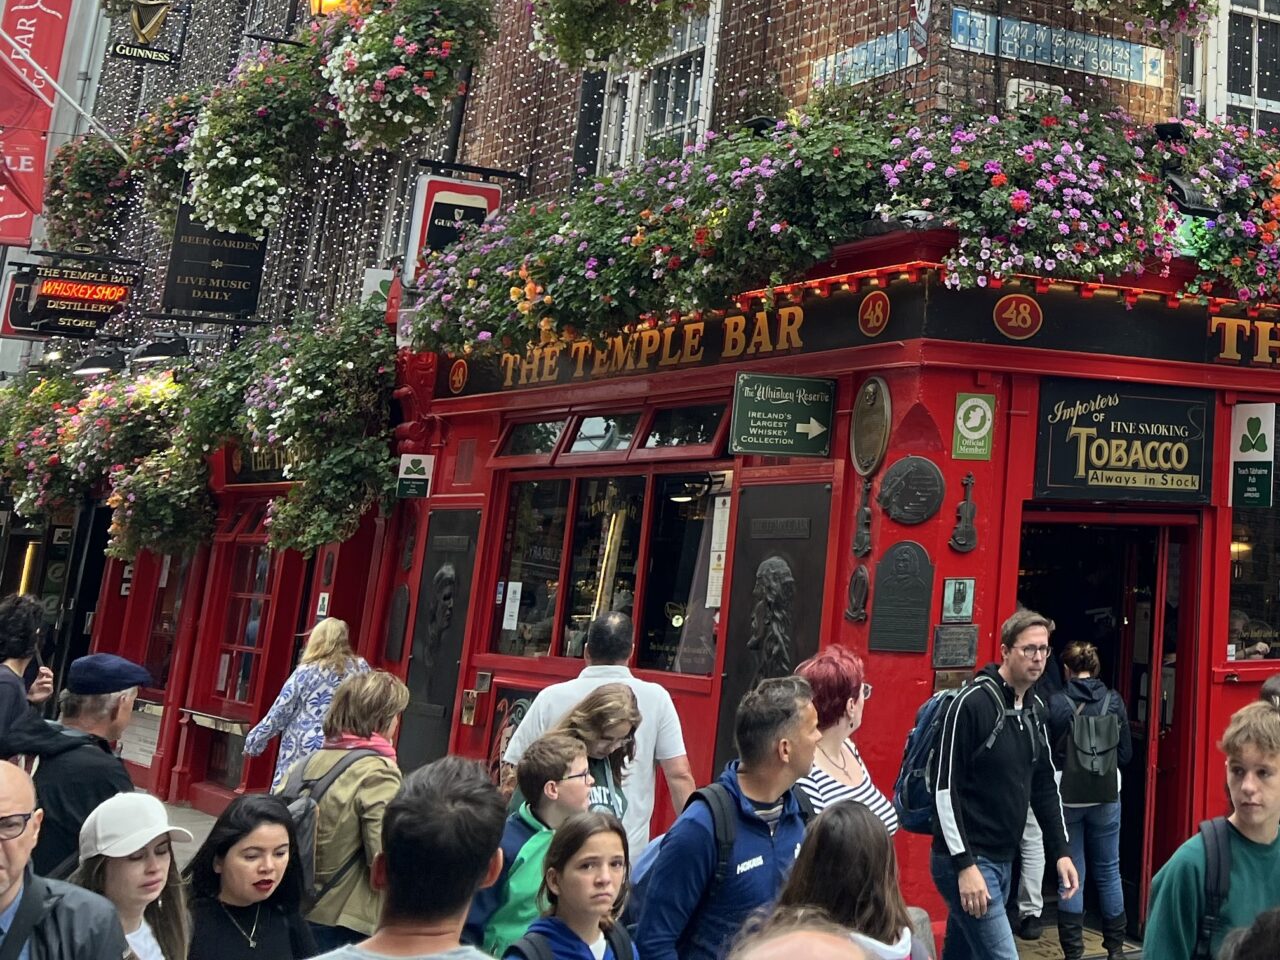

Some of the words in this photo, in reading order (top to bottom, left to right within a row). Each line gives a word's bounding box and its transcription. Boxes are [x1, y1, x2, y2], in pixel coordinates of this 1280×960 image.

[116, 44, 170, 62] GUINNESS
[1091, 58, 1134, 77] SOUTH
[180, 235, 211, 247] BEER
[212, 238, 260, 251] GARDEN
[37, 267, 60, 279] THE
[62, 269, 107, 283] TEMPLE
[110, 271, 134, 285] BAR
[176, 275, 207, 287] LIVE
[208, 278, 251, 290] MUSIC
[41, 280, 93, 300] WHISKEY
[93, 285, 126, 301] SHOP
[191, 289, 232, 301] DAILY
[47, 299, 115, 314] DISTILLERY
[58, 317, 97, 329] STORE
[1002, 300, 1032, 330] 48
[452, 366, 464, 388] 48
[501, 346, 560, 387] THE
[571, 320, 705, 378] TEMPLE
[721, 306, 804, 358] BAR
[864, 298, 884, 329] 48
[742, 386, 754, 397] The
[754, 382, 795, 404] Whiskey
[795, 387, 830, 406] Reserve
[748, 411, 792, 420] IRELAND'S
[1048, 393, 1120, 426] Importers
[1092, 412, 1105, 423] OF
[749, 427, 788, 436] WHISKEY
[750, 420, 788, 428] LARGEST
[1110, 421, 1137, 434] FINE
[1138, 423, 1190, 437] SMOKING
[740, 435, 794, 444] COLLECTION
[961, 439, 985, 447] Official
[960, 446, 986, 454] Member
[1066, 426, 1190, 479] TOBACCO
[1090, 470, 1137, 485] Always
[1144, 474, 1156, 485] in
[1160, 473, 1198, 488] Stock
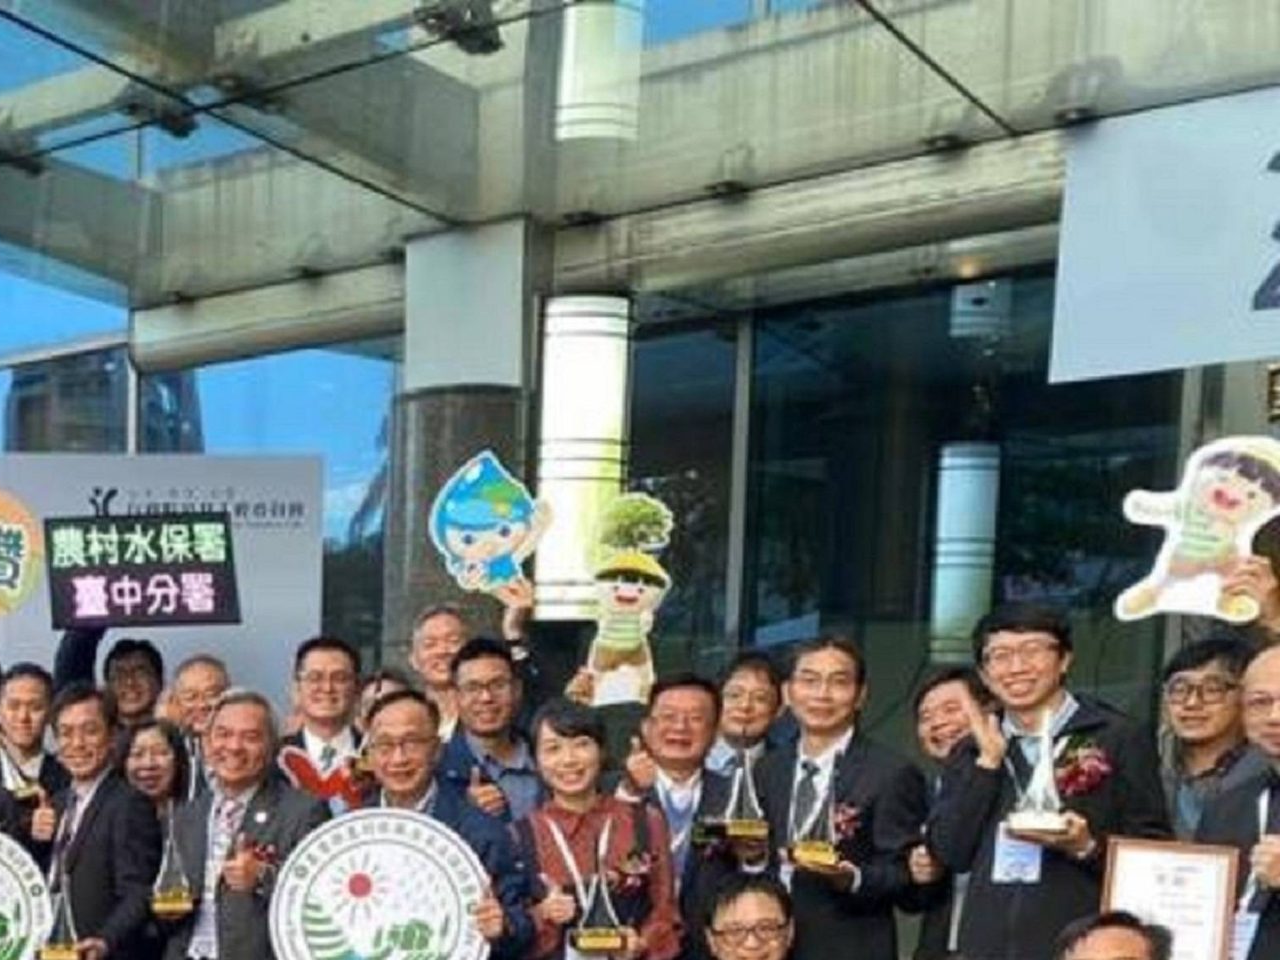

What needs to be done – Copy the records exactly, leaving out every picture.

Answer space –
Some of the words in this photo, in reading order (top to bottom, left to right within a row). Each line gives a word's bounding box and its transcription. Boxes are [x1, y1, x2, y2], in pixel coordinates of this 1280×960 image.

[116, 44, 170, 62] GUINNESS
[1091, 58, 1134, 77] SOUTH
[180, 235, 211, 247] BEER
[212, 238, 260, 251] GARDEN
[37, 267, 60, 279] THE
[62, 269, 107, 283] TEMPLE
[110, 271, 134, 285] BAR
[176, 275, 207, 287] LIVE
[208, 278, 251, 290] MUSIC
[41, 280, 93, 300] WHISKEY
[93, 285, 126, 301] SHOP
[191, 289, 232, 301] DAILY
[47, 299, 115, 314] DISTILLERY
[58, 317, 97, 329] STORE
[1002, 300, 1032, 330] 48
[452, 366, 464, 388] 48
[501, 346, 560, 387] THE
[571, 320, 705, 378] TEMPLE
[721, 306, 804, 358] BAR
[864, 298, 884, 329] 48
[742, 386, 754, 397] The
[754, 382, 795, 404] Whiskey
[795, 387, 830, 406] Reserve
[748, 411, 792, 420] IRELAND'S
[1048, 393, 1120, 426] Importers
[1092, 412, 1105, 423] OF
[749, 427, 788, 436] WHISKEY
[750, 420, 788, 428] LARGEST
[1110, 421, 1137, 434] FINE
[1138, 423, 1190, 437] SMOKING
[740, 435, 794, 444] COLLECTION
[961, 439, 985, 447] Official
[960, 446, 986, 454] Member
[1066, 426, 1190, 479] TOBACCO
[1090, 470, 1137, 485] Always
[1144, 474, 1156, 485] in
[1160, 473, 1198, 488] Stock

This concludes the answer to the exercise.